Stored items from a collection
■ ■ ■ ■ ■

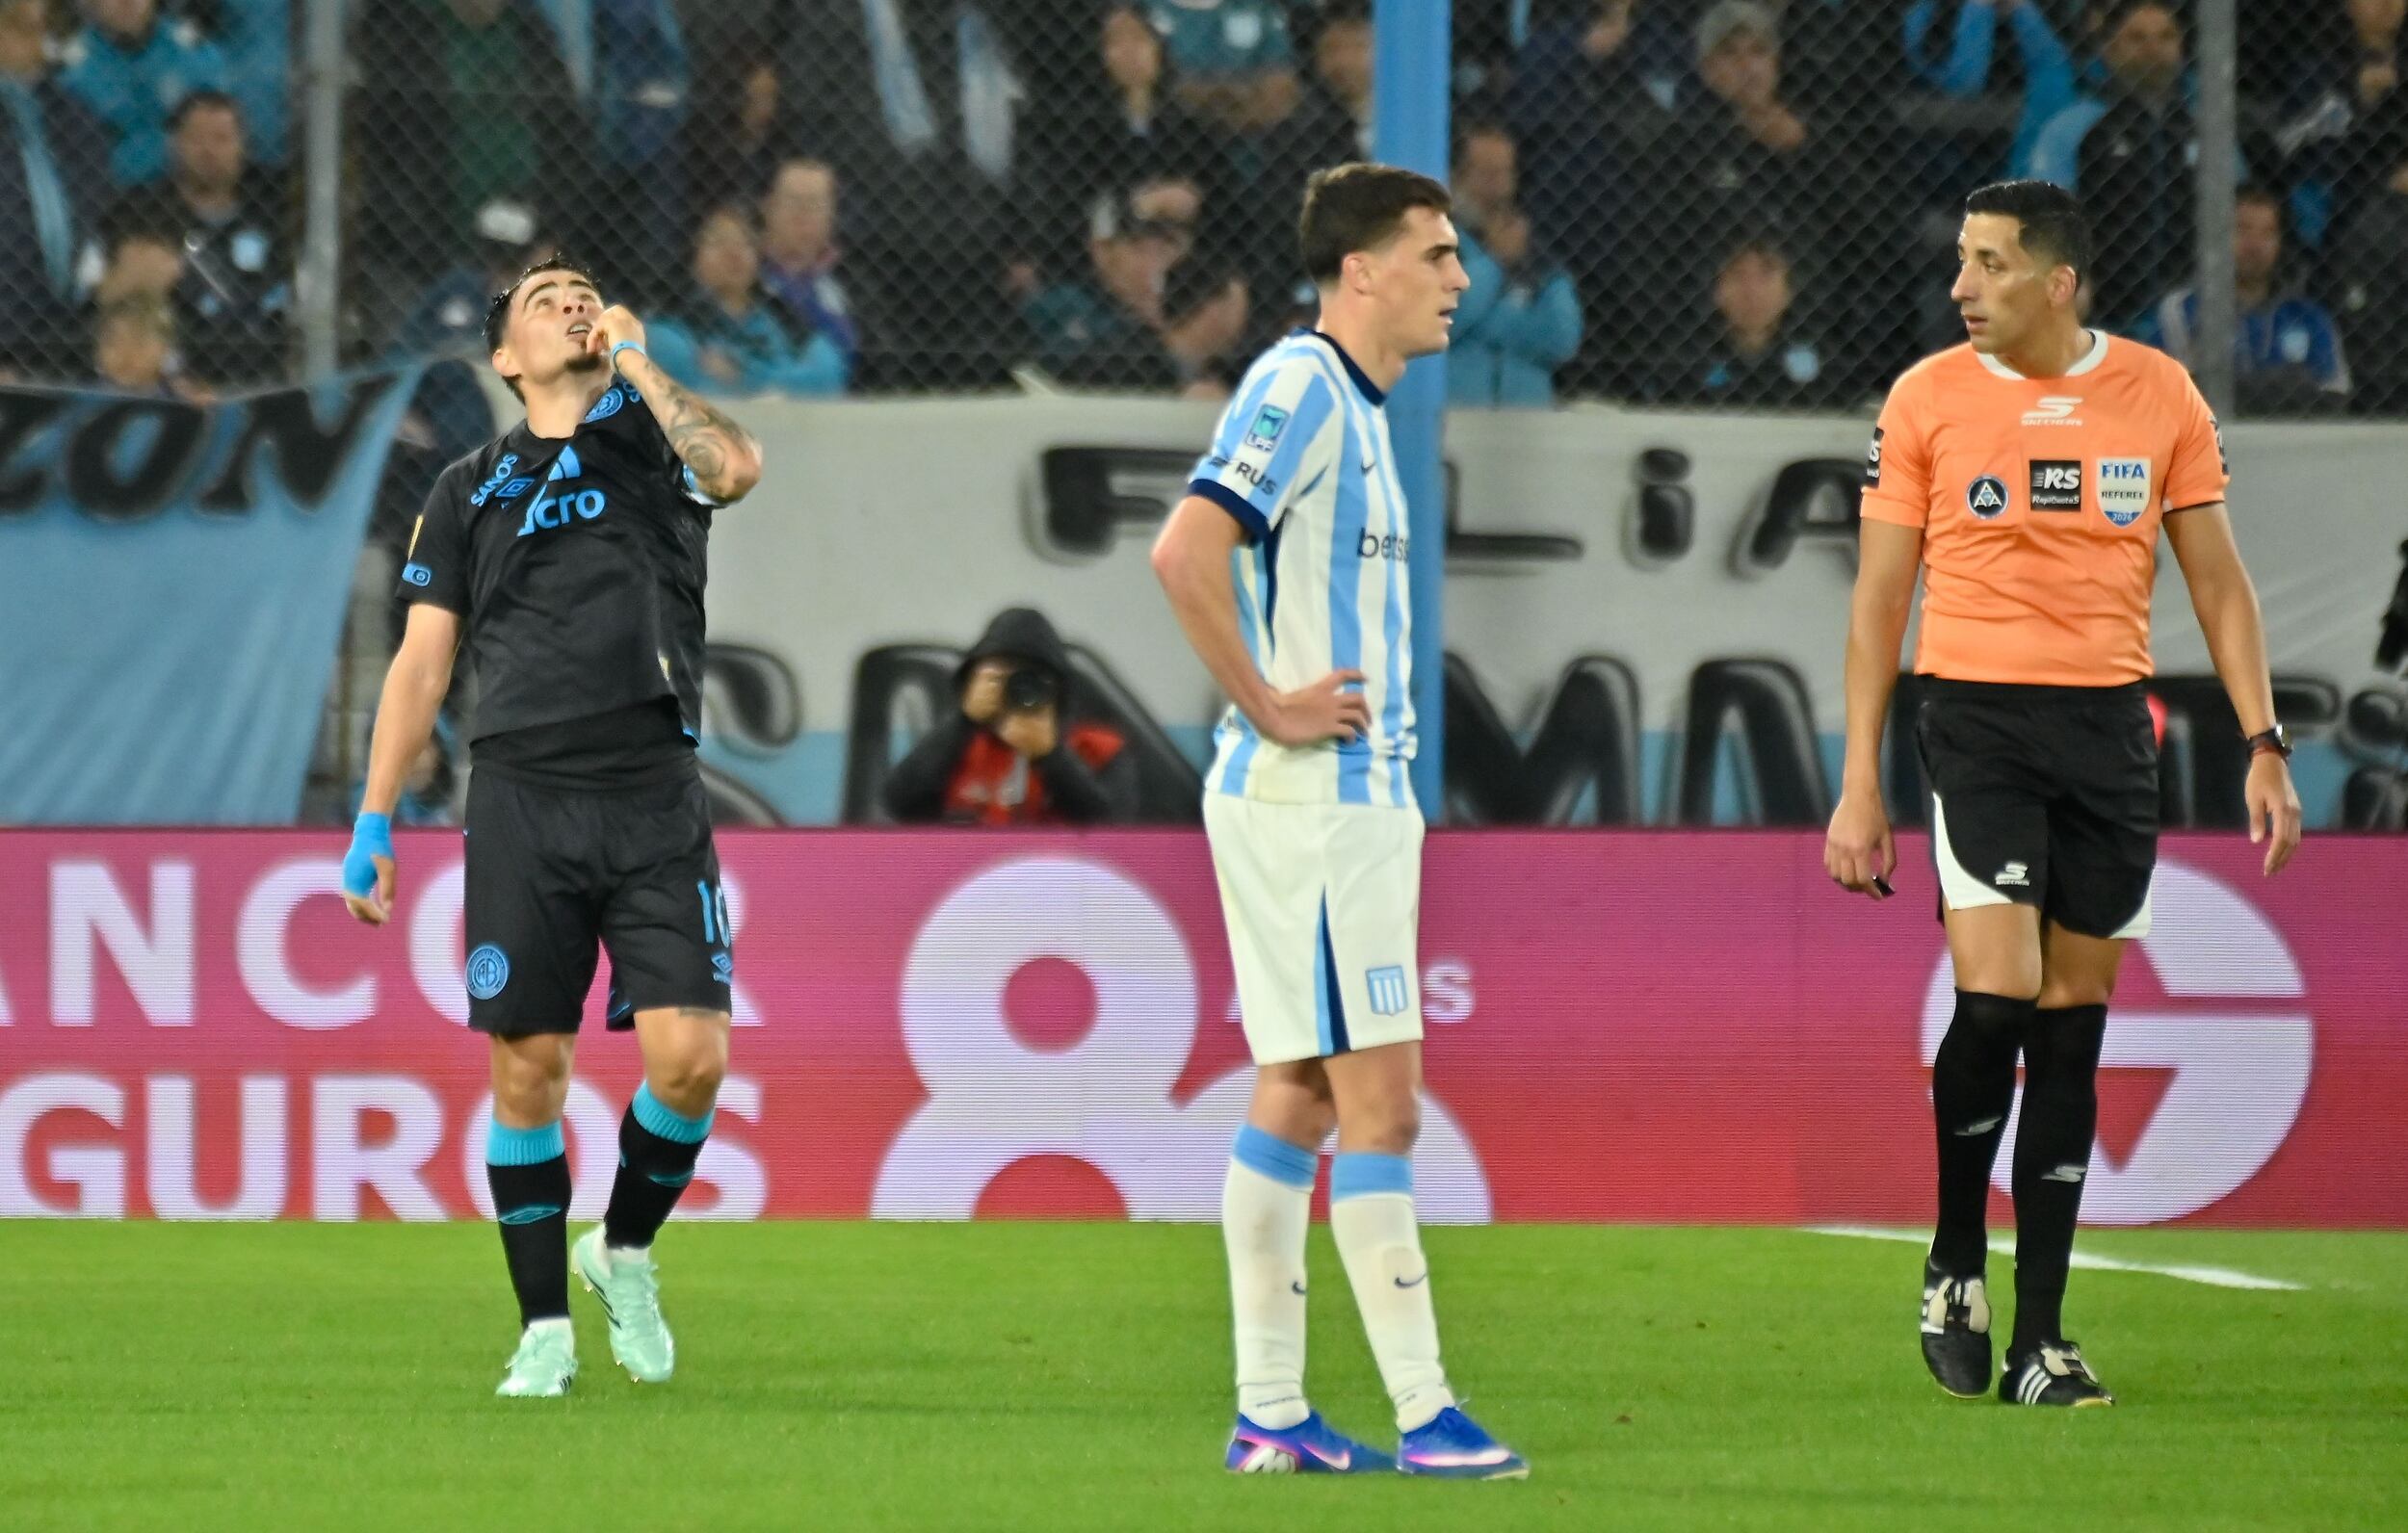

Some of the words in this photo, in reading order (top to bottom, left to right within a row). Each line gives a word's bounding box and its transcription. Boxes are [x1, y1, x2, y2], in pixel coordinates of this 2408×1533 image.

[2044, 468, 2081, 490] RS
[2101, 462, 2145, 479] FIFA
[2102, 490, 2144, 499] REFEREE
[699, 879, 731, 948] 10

■ ■ ■ ■ ■

**How to complete this task**: Each line of the data above is to be output exactly; the pictures are not to appear.

**Answer box**:
Some of the words in this photo, in reading order (top to bottom, left to right within a row). Each line gives a word's bounding box and its transcription. Boxes are [x1, y1, x2, y2], in pixel coordinates of this 2408×1533 image.

[2044, 468, 2081, 490] RS
[2101, 462, 2145, 479] FIFA
[2102, 490, 2144, 499] REFEREE
[699, 879, 731, 948] 10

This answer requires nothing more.